- TASK GOAL -
Set down the entries that follow exactly as written, leaving out any images.

─── RECORDS TO USE

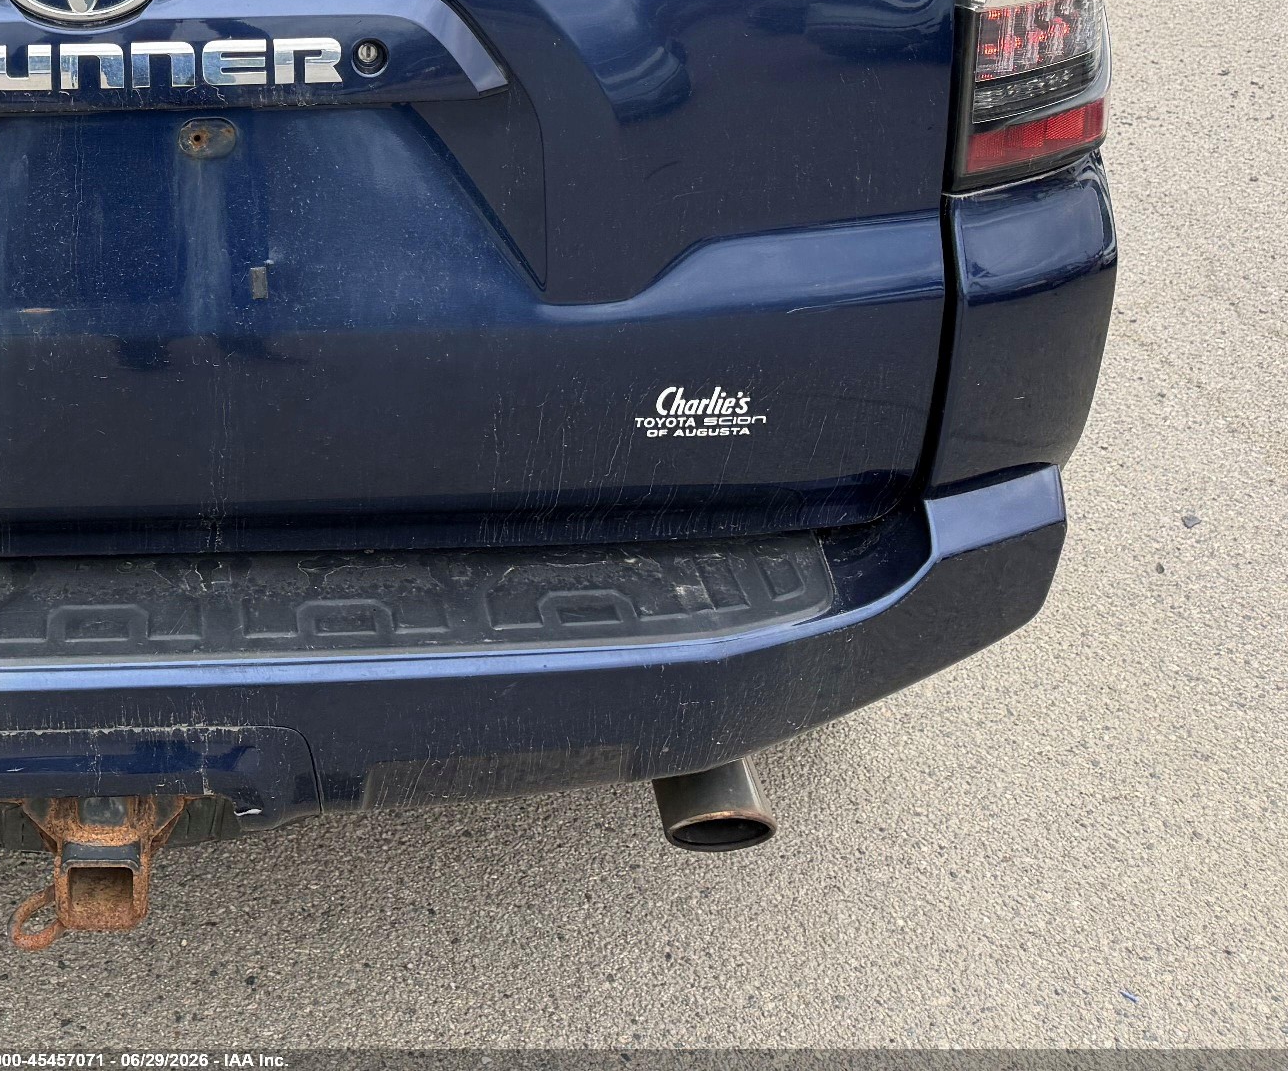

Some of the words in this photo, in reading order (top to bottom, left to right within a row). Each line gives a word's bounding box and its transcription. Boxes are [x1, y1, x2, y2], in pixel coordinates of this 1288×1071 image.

[655, 387, 750, 416] Charlie's
[635, 417, 696, 428] TOYOTA
[646, 429, 668, 438] OF
[673, 428, 750, 437] AUGUSTA
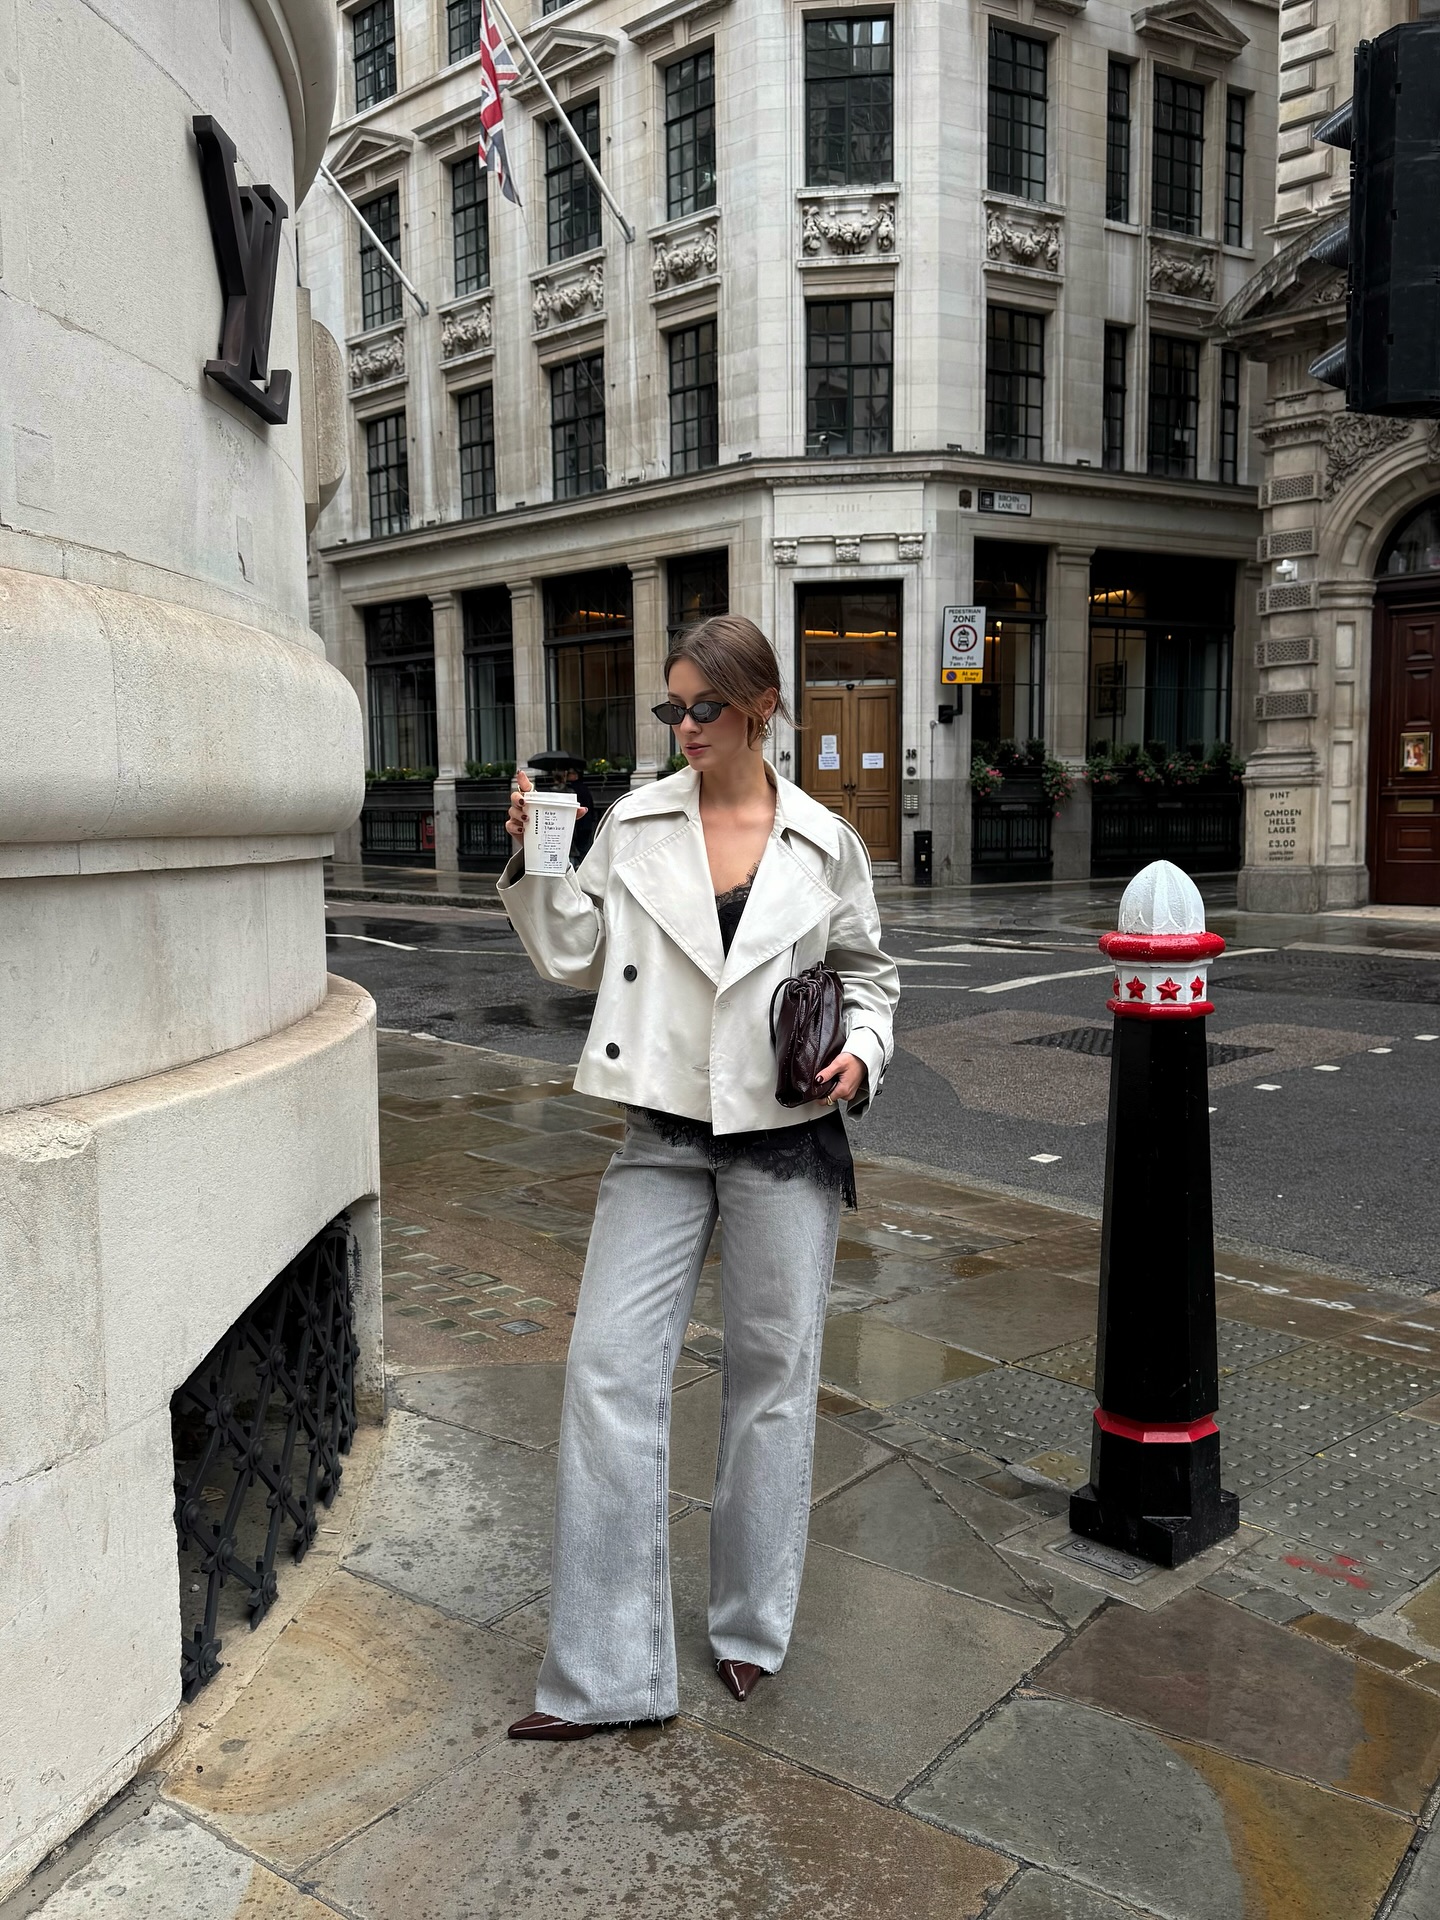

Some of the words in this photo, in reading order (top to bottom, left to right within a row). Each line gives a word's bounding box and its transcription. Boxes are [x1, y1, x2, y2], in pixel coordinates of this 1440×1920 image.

[998, 502, 1013, 510] LANE
[953, 615, 976, 623] ZONE
[779, 750, 791, 762] 36
[905, 748, 917, 760] 38
[1269, 791, 1290, 800] PINT
[1263, 809, 1302, 817] CAMDEN
[1268, 817, 1296, 825] HELLS
[1267, 826, 1297, 834] LAGER
[1268, 839, 1296, 848] £3.00
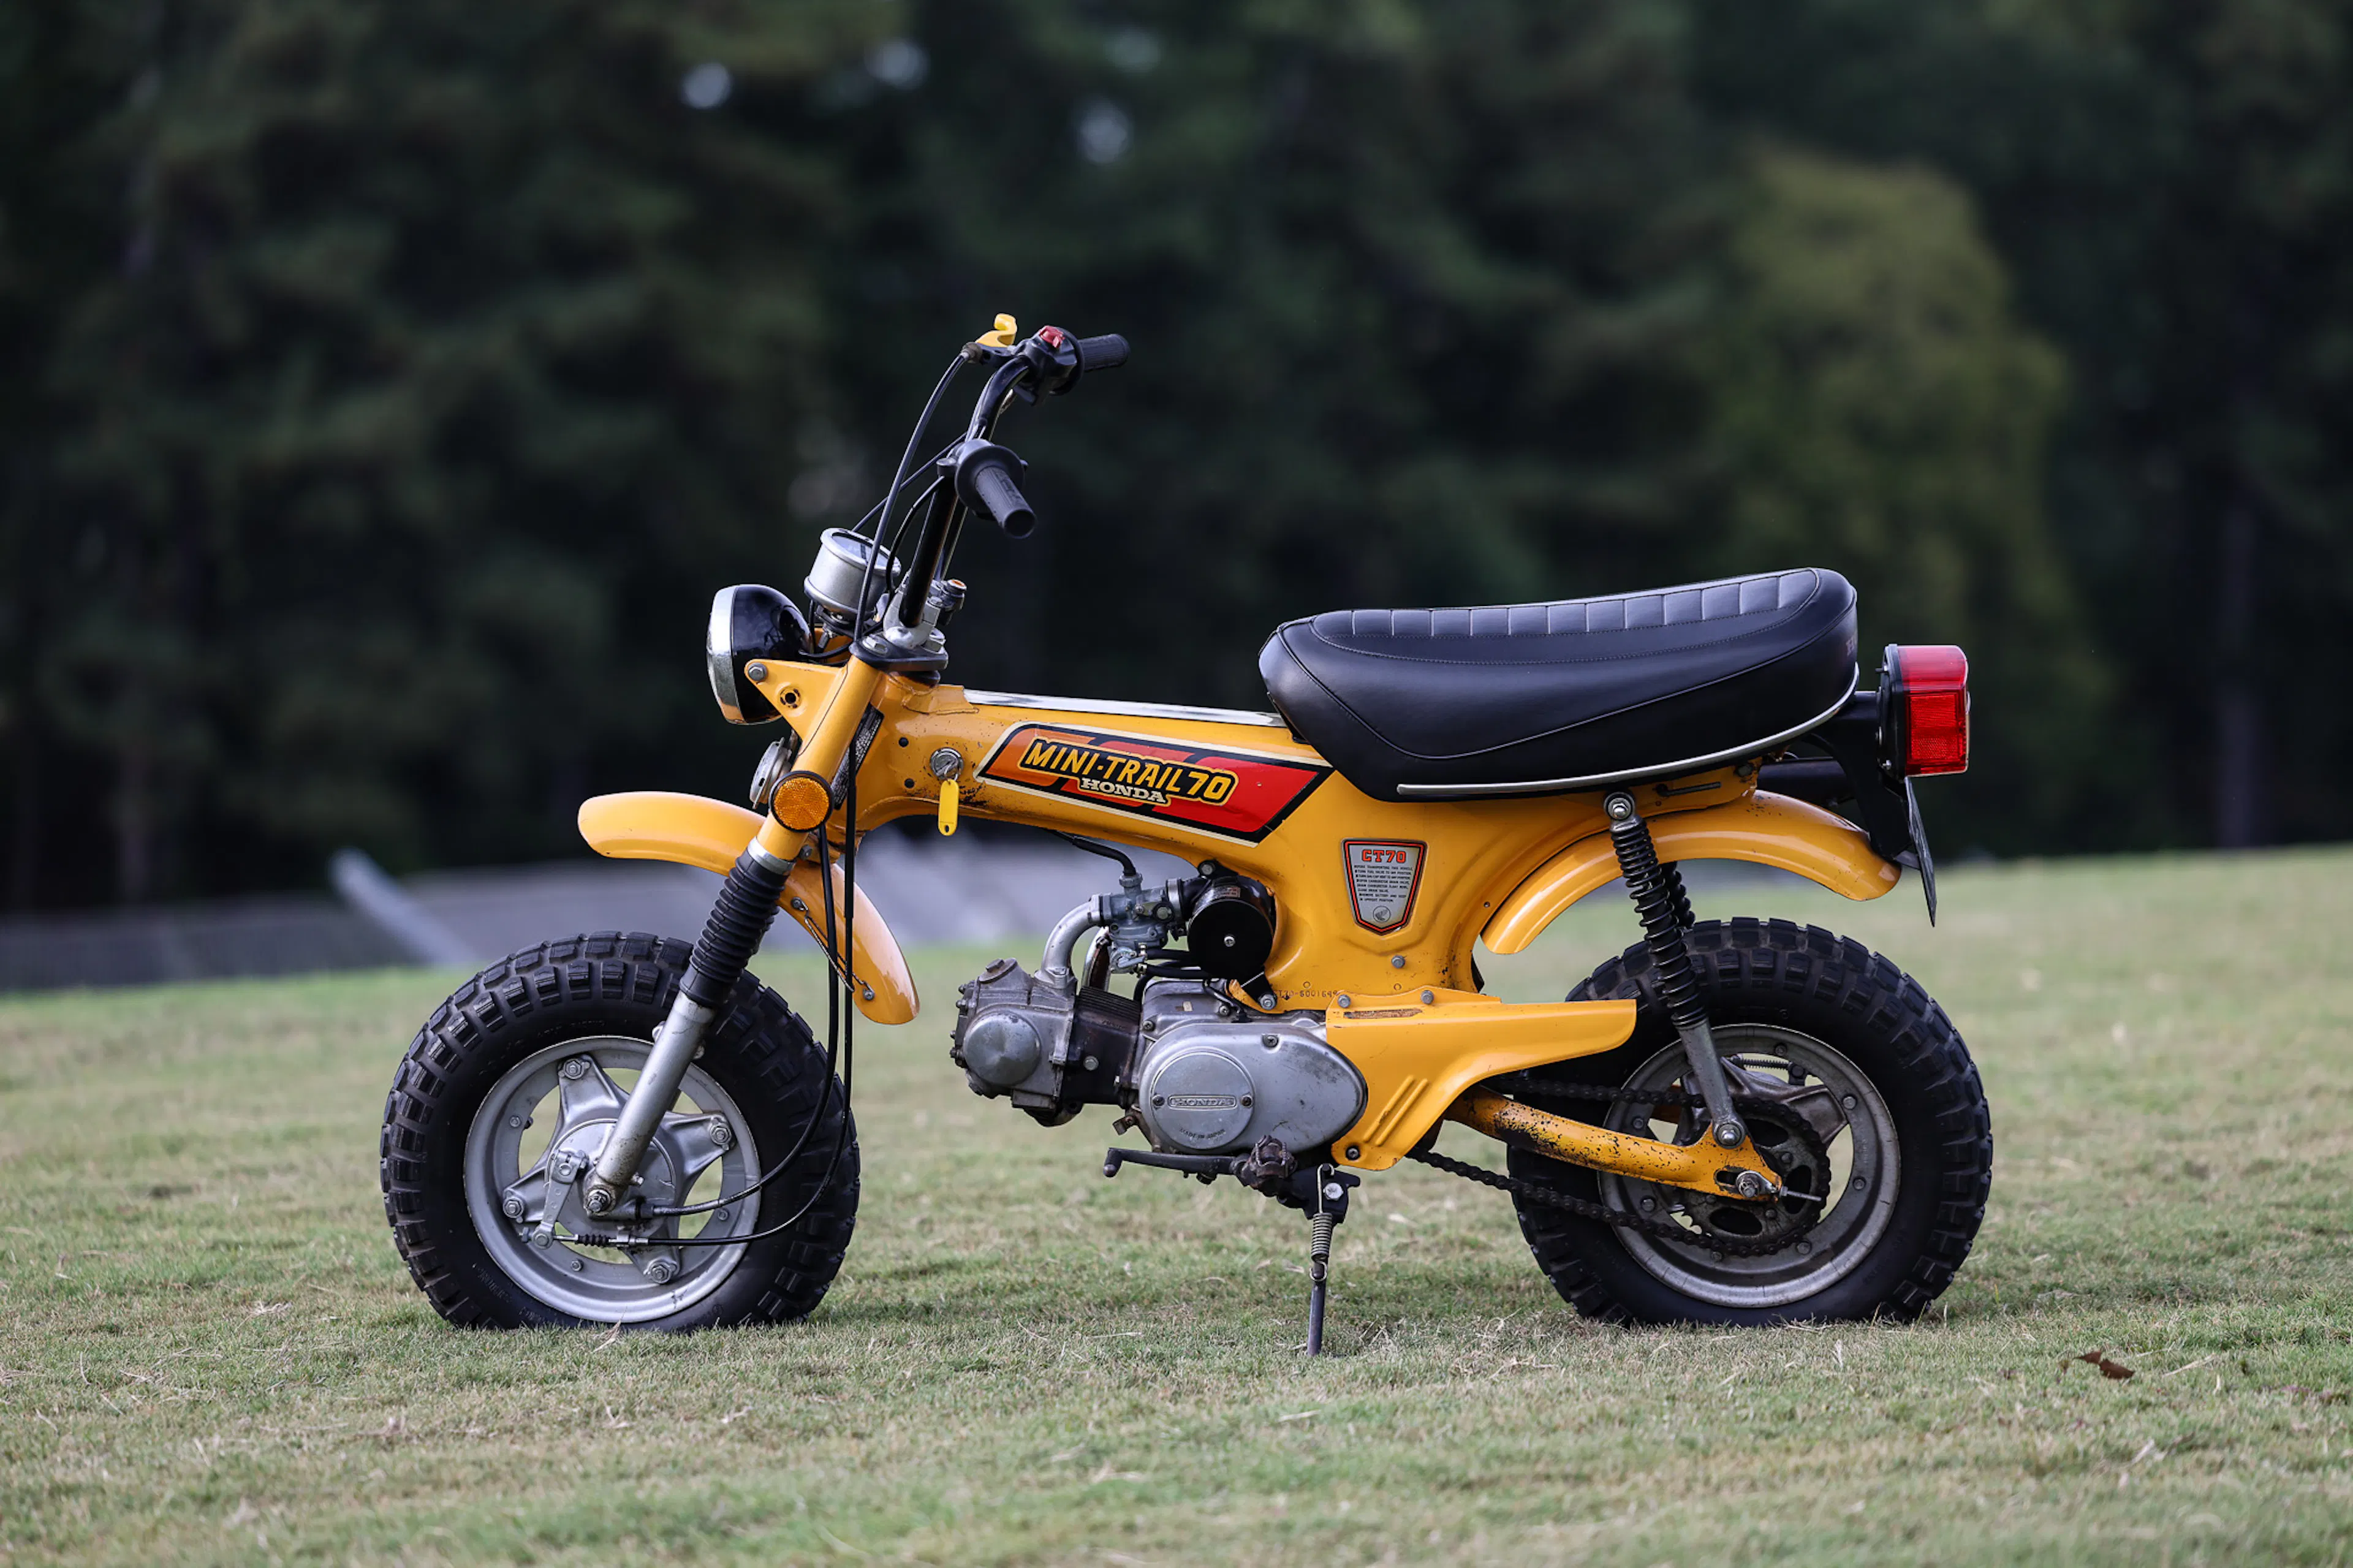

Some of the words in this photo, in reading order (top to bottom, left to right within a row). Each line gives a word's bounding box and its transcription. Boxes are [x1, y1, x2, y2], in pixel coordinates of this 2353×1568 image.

──────

- RESPONSE BOX -
Some of the words in this photo, in reading order (top to bottom, left to right within a row). Each line gives a word's bounding box and its transcription. Boxes are [x1, y1, x2, y2], in pixel coordinates of this 1288×1071 image.

[655, 387, 750, 416] Charlie's
[635, 417, 696, 428] TOYOTA
[646, 429, 668, 438] OF
[673, 428, 750, 437] AUGUSTA

Some of the words in this photo, in reading order (top to bottom, left to right within a row). Each line gives a word's bounding box and its transcription. Boxes are [x1, y1, x2, y2], in pixel coordinates of this 1440×1920 image.

[998, 502, 1013, 510] LANE
[953, 615, 976, 623] ZONE
[779, 750, 791, 762] 36
[905, 748, 917, 760] 38
[1269, 791, 1290, 800] PINT
[1263, 809, 1302, 817] CAMDEN
[1268, 817, 1296, 825] HELLS
[1267, 826, 1297, 834] LAGER
[1268, 839, 1296, 848] £3.00

Some of the words in this photo, in reading order (top to bottom, left to right within a row). Each line gives a word's bounding box and its transcription. Boxes are [x1, y1, x2, y2], in pixel coordinates of this 2353×1568 image.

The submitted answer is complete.